From first line to last, transcribe the listing exactly and skip any image.

--- DATA FOR THIS TASK Enclosed Below ---

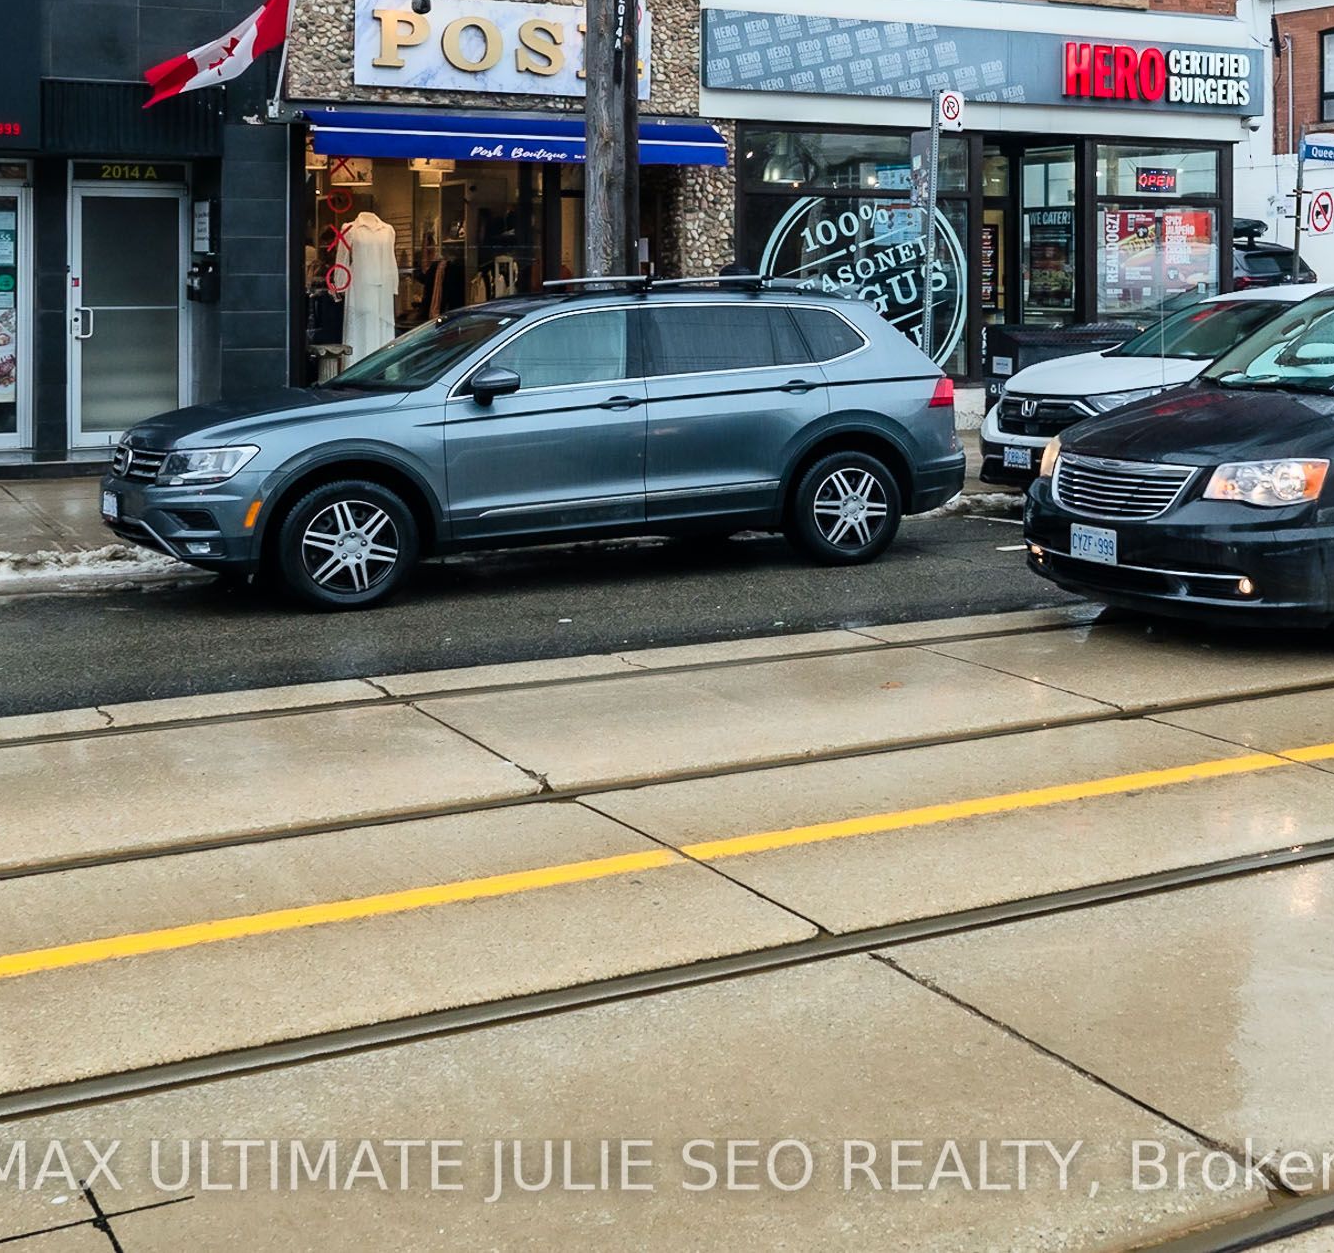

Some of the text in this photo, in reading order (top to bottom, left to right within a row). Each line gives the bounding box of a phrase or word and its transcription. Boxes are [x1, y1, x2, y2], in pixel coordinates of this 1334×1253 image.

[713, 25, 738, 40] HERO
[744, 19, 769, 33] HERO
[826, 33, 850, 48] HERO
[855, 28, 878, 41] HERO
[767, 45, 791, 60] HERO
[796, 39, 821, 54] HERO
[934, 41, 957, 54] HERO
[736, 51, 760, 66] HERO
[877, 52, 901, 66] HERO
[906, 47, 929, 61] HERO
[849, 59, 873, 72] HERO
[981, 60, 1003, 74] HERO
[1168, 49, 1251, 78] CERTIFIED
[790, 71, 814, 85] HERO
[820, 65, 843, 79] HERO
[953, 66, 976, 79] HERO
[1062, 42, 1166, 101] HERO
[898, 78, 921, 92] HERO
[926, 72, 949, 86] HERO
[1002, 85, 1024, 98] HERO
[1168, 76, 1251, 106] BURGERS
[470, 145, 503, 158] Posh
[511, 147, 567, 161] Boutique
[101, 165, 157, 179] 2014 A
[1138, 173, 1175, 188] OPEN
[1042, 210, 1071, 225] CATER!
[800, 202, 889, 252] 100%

--- End of Enclosed DATA FOR THIS TASK ---

- **TASK OUTPUT**:
Some of the text in this photo, in reading order (top to bottom, left to right within a row). Each line gives the bounding box of a phrase or word and its transcription. Boxes are [x1, y1, x2, y2], in pixel coordinates of this 1334×1253 image.

[713, 25, 738, 40] HERO
[744, 19, 769, 33] HERO
[826, 33, 850, 48] HERO
[855, 28, 878, 41] HERO
[767, 45, 791, 60] HERO
[796, 39, 821, 54] HERO
[934, 41, 957, 54] HERO
[736, 51, 760, 66] HERO
[877, 52, 901, 66] HERO
[906, 47, 929, 61] HERO
[849, 59, 873, 72] HERO
[981, 60, 1003, 74] HERO
[1168, 49, 1251, 78] CERTIFIED
[790, 71, 814, 85] HERO
[820, 65, 843, 79] HERO
[953, 66, 976, 79] HERO
[1062, 42, 1166, 101] HERO
[898, 78, 921, 92] HERO
[926, 72, 949, 86] HERO
[1002, 85, 1024, 98] HERO
[1168, 76, 1251, 106] BURGERS
[470, 145, 503, 158] Posh
[511, 147, 567, 161] Boutique
[101, 165, 157, 179] 2014 A
[1138, 173, 1175, 188] OPEN
[1042, 210, 1071, 225] CATER!
[800, 202, 889, 252] 100%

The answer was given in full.